Another important part of database interface methods is authentication for the database. MySQL uses a simple method to store all of its authentication information inside a table. When users attempt to access a database, MySQL compares their credentials against this database, verifying from which machines the users can connect and to what resources they have access.
PostgreSQL can use a similar method, but it also has some others. For example, it can use a hosts file for database access to define which remote users can connect to which database. It can also use the local authentication systems for database access (e.g., your Unix password would also be your PostgreSQL password).
A number of programming methods also provide ways to access these databases. Both PostgreSQL and MySQL support access via C/C++, Java, Perl, Python, and PHP. PostgresSQL also has internal programming languages for writing stored procedures and triggers, among them are pl/pgsql, pl/tcl, and pl/perl.
When it comes to backups, open-source databases may not completely fulfill your needs.

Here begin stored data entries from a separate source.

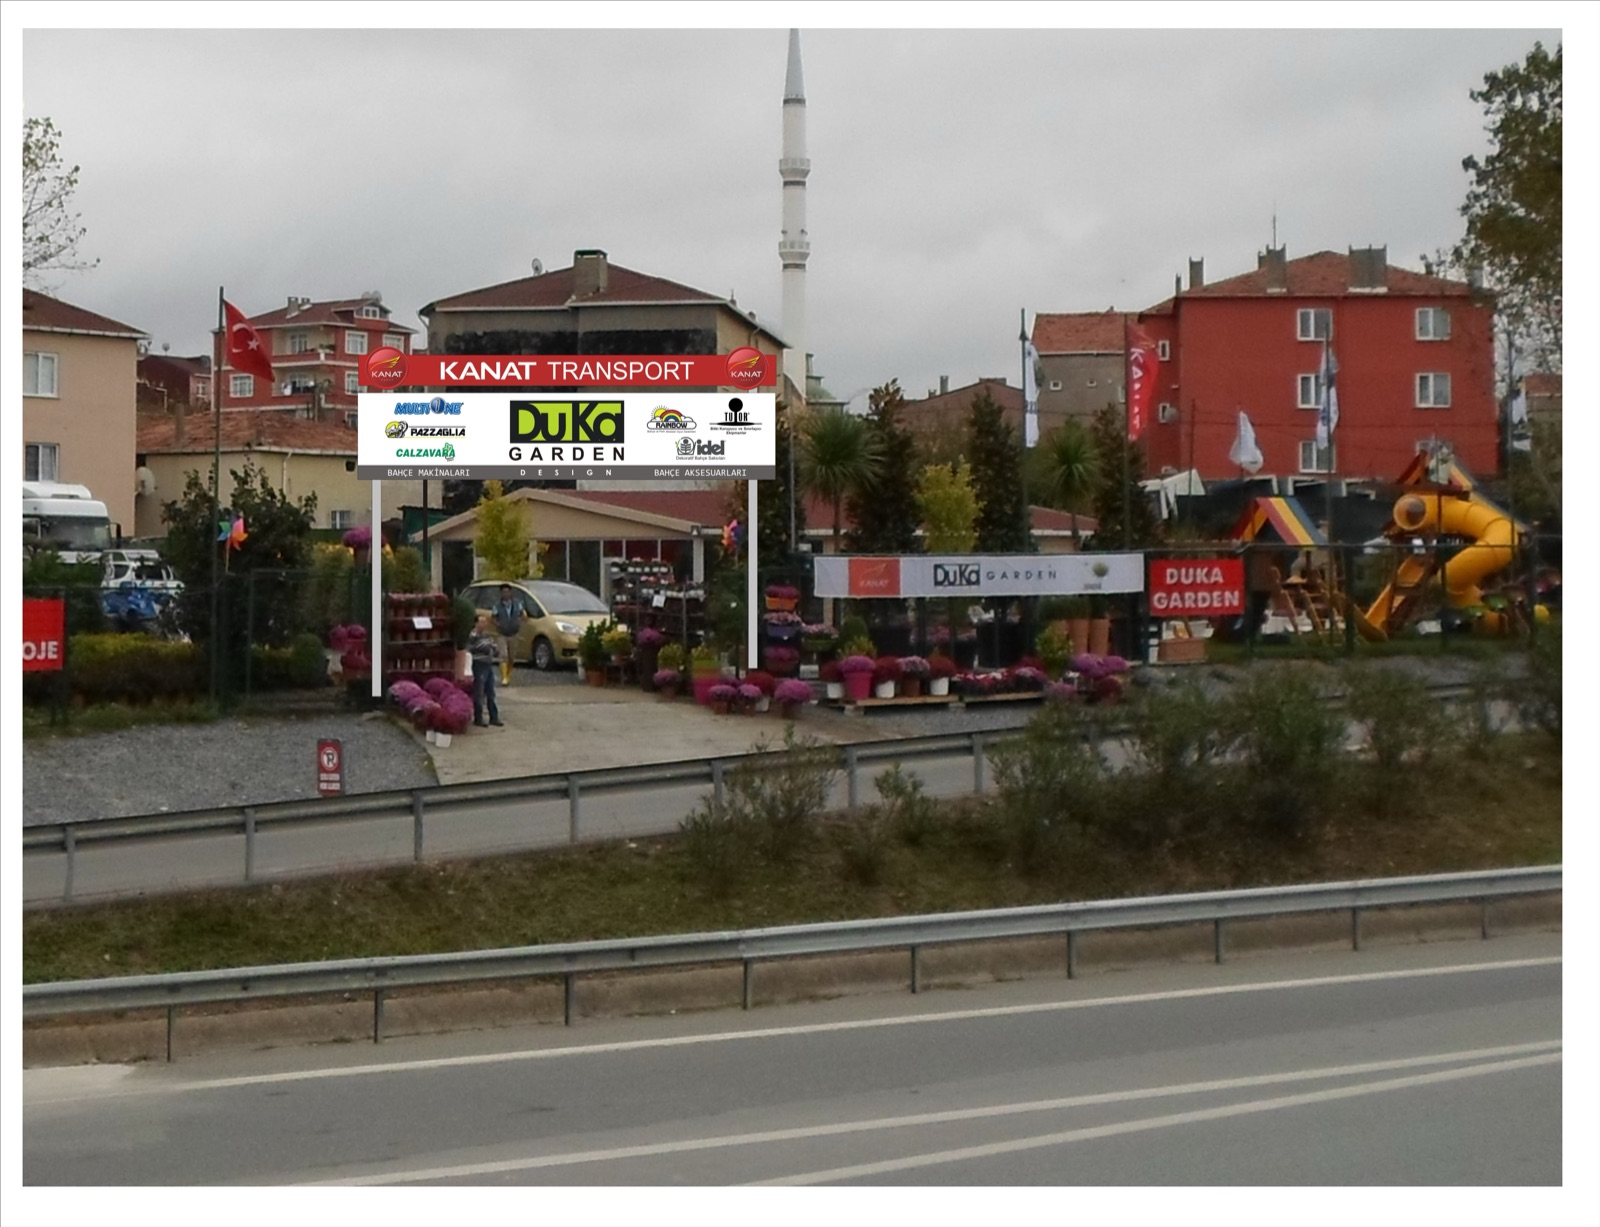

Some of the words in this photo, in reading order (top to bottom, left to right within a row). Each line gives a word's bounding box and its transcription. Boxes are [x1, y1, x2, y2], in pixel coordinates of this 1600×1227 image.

[371, 370, 403, 378] KANAT
[440, 361, 537, 381] KANAT
[547, 361, 695, 381] TRANSPORT
[410, 428, 466, 437] PAZZAGLIA
[697, 439, 725, 455] idel
[396, 448, 456, 458] CALZAVARA
[509, 447, 625, 461] GARDEN
[387, 469, 413, 478] BAHÇE
[418, 467, 470, 477] MAKİNALARI
[520, 469, 612, 477] DESIGN
[654, 469, 680, 478] BAHÇE
[685, 469, 747, 477] AKSESUARLARI
[986, 570, 1058, 581] GARDEN
[1166, 567, 1224, 585] DUKA
[1152, 590, 1239, 609] GARDEN
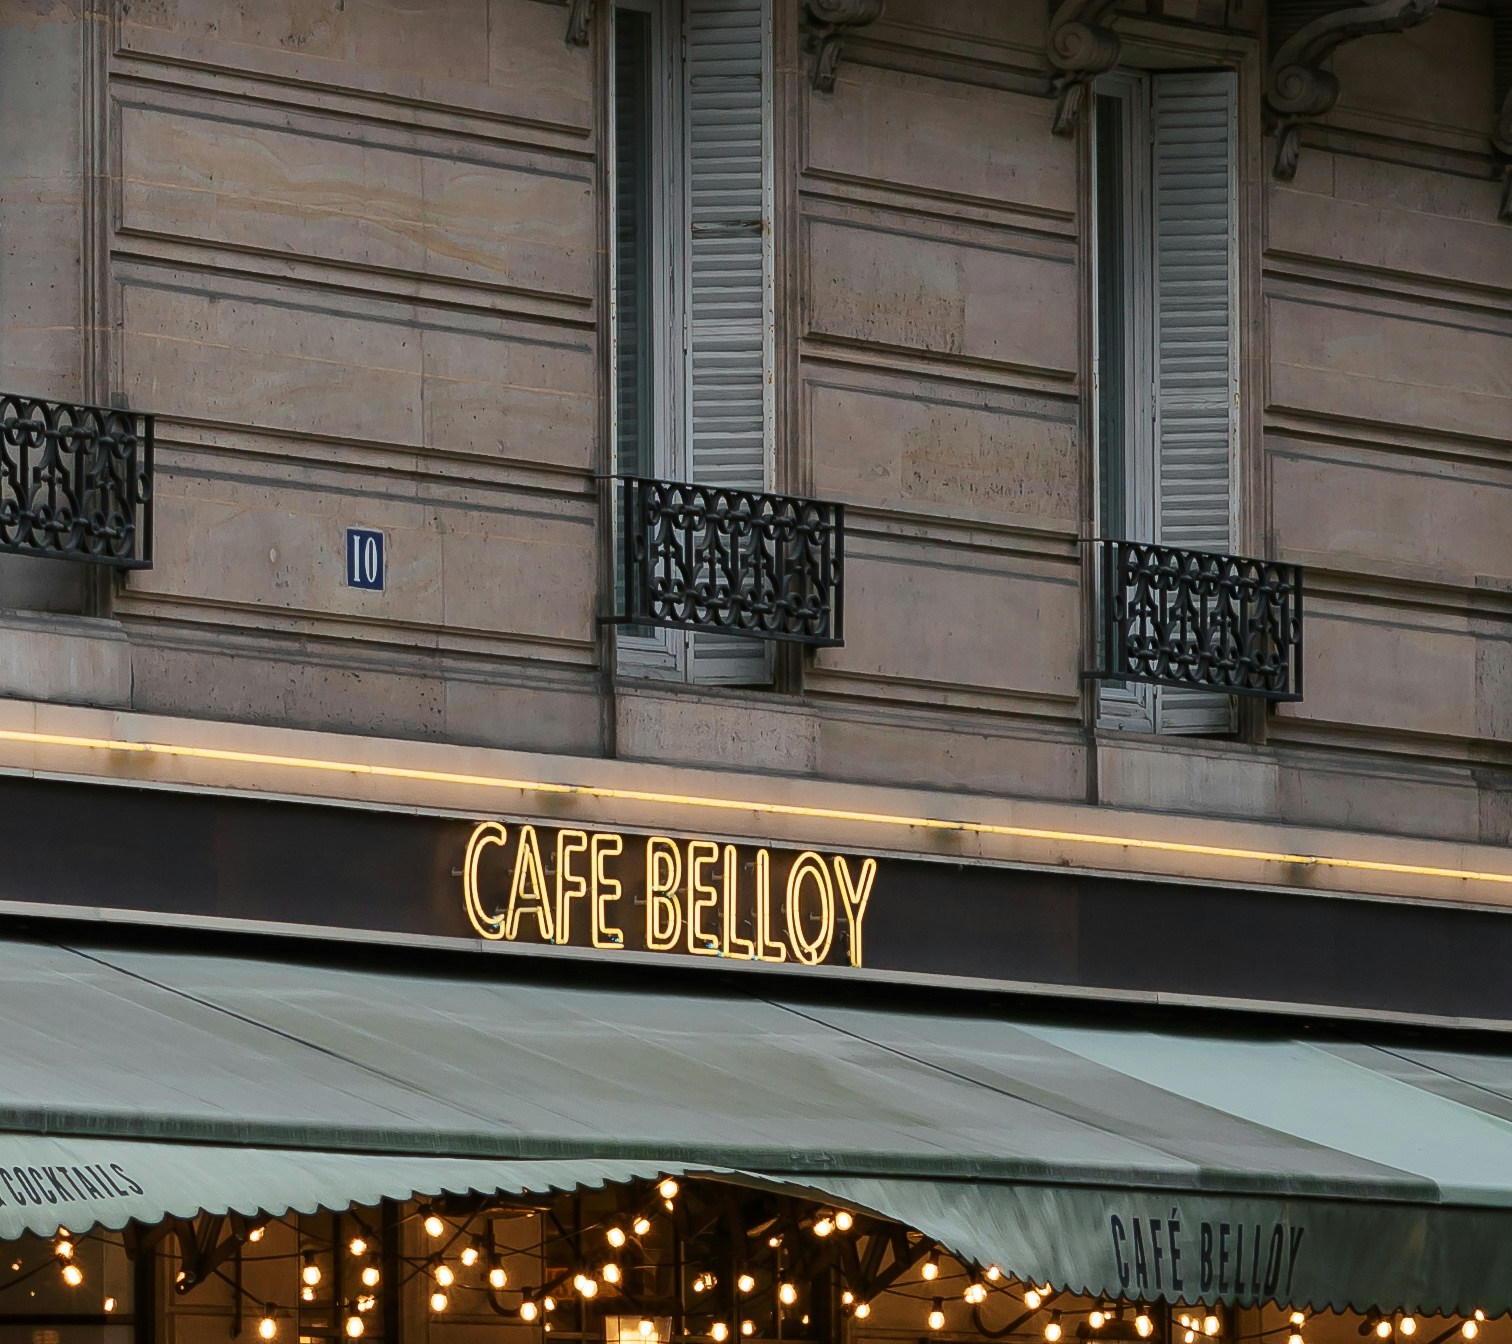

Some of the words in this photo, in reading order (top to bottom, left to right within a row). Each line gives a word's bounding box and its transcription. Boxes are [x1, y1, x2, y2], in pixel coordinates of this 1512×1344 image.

[353, 535, 378, 583] 10
[463, 821, 624, 950] CAFE
[645, 836, 877, 968] BELLOY
[1110, 1207, 1183, 1292] CAFÉ
[1200, 1222, 1304, 1296] BELLOY
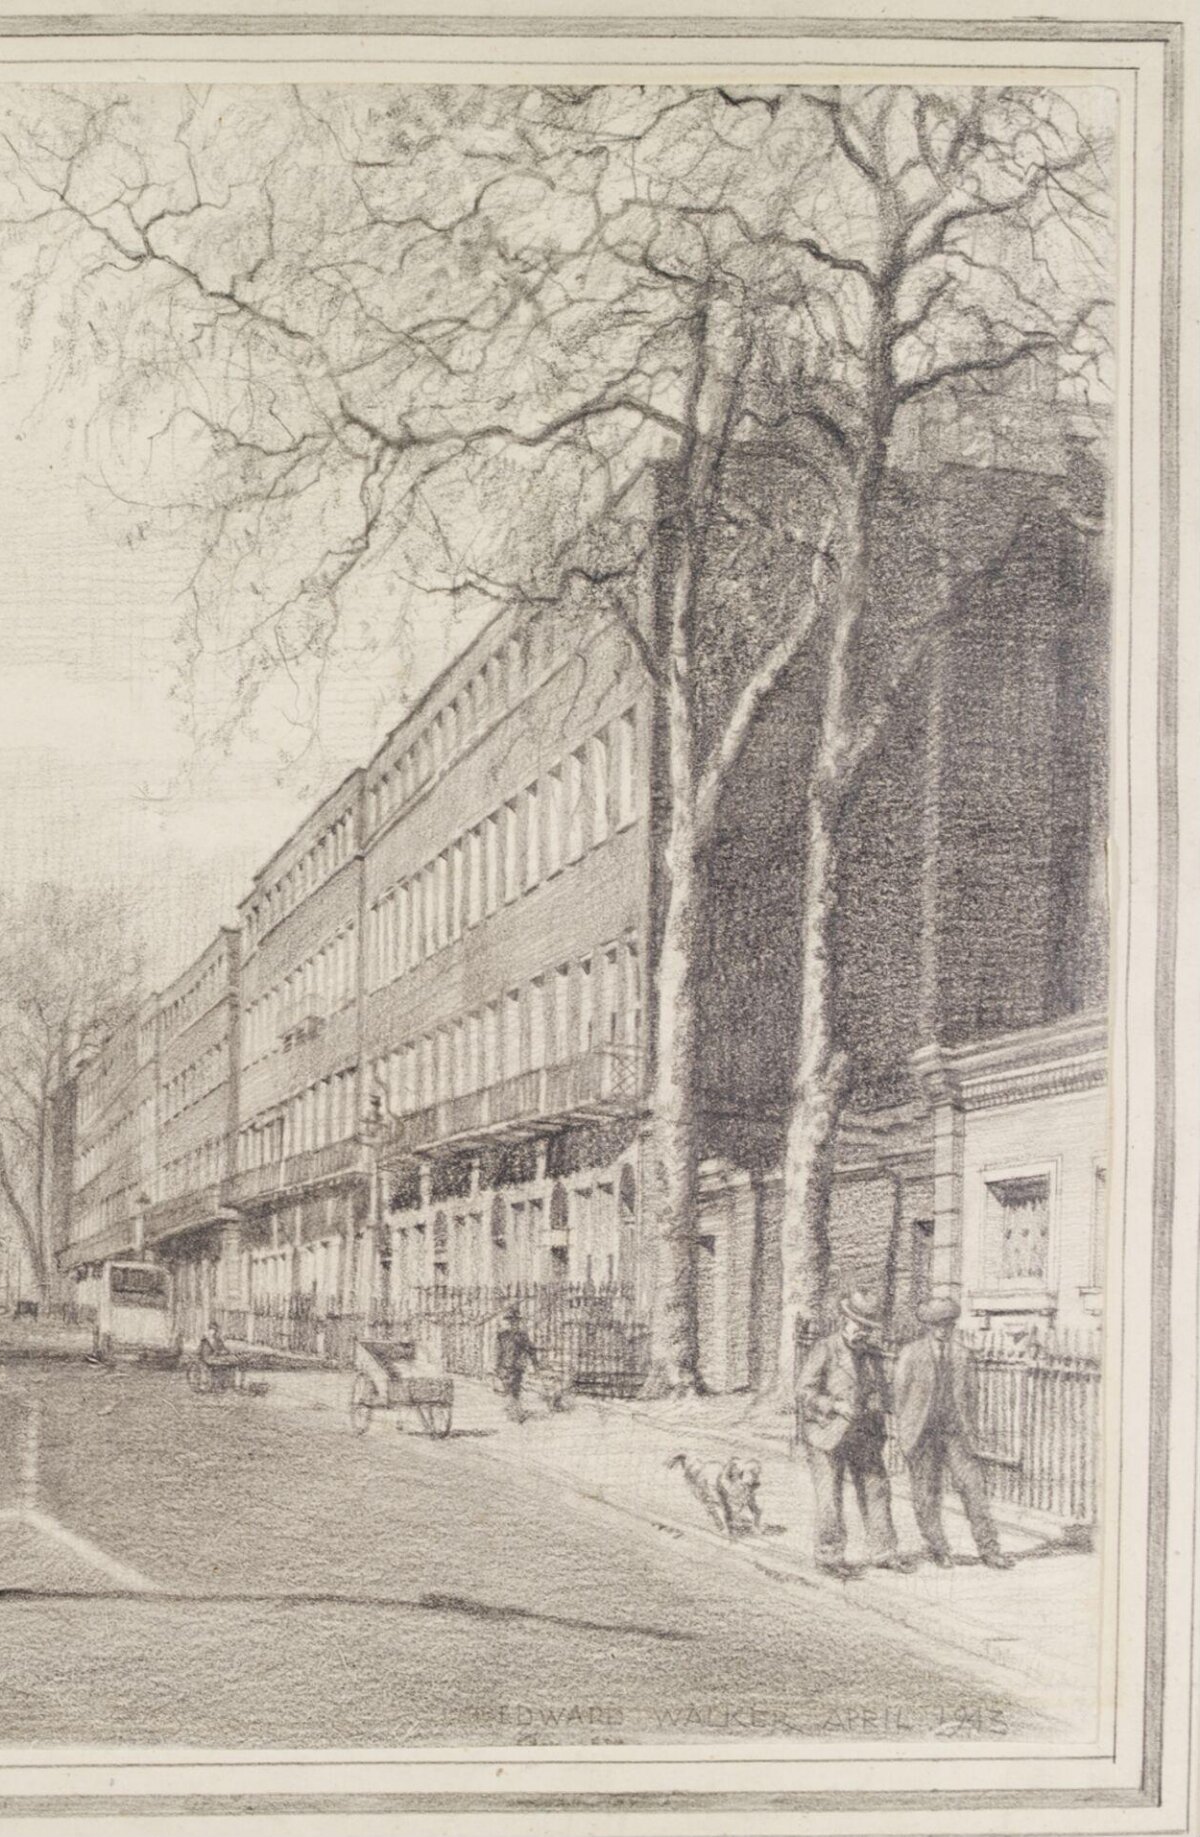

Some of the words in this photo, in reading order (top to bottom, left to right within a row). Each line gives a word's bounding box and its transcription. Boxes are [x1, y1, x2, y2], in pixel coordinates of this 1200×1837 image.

[497, 1704, 625, 1727] EDWARD
[653, 1704, 800, 1733] WALKER
[820, 1705, 913, 1732] APRIL

Both databases come with scripts to facilitate a simple text dump of your database data and its schema. Both database solutions also provide methods for doing a hot-database backup, or backing up your database without shutting it down. Many commercial backup tools, such as Vertias NetBackup or Tivoli TSM, have agents that provide online backups of commercial databases. A quick Web search returned only a few vendors that create agents for PostgreSQL and MySQL. The overall coverage appears limited.
Backups also include simple database recovery from soft failures, such as database crashes or unexpected power failures. PostgreSQL uses a system called Write Ahead Logging to provide database consistency checking. MySQL has database consistency checking only under InnoDB table types.
Many people use GUI tools to manage their databases. Many such toolsboth open source and commercialare available for MySQL and PostgreSQL. These tools can be either applications that run natively on your operating system or Web-based tools. Many of these tools are closely modeled after tools available to commercial databases.
Both MySQL and PostgreSQL have database migration utilities to help migrate data from commercial databases. These utilities are available from third parties as either open-source or commercial tools. PostgreSQL also comes with tools to help migrate data from Oracle and MySQL. Obviously, the more complex your schema, the more difficult the conversion will be, and some of these tools may not completely migrate everything perfectly.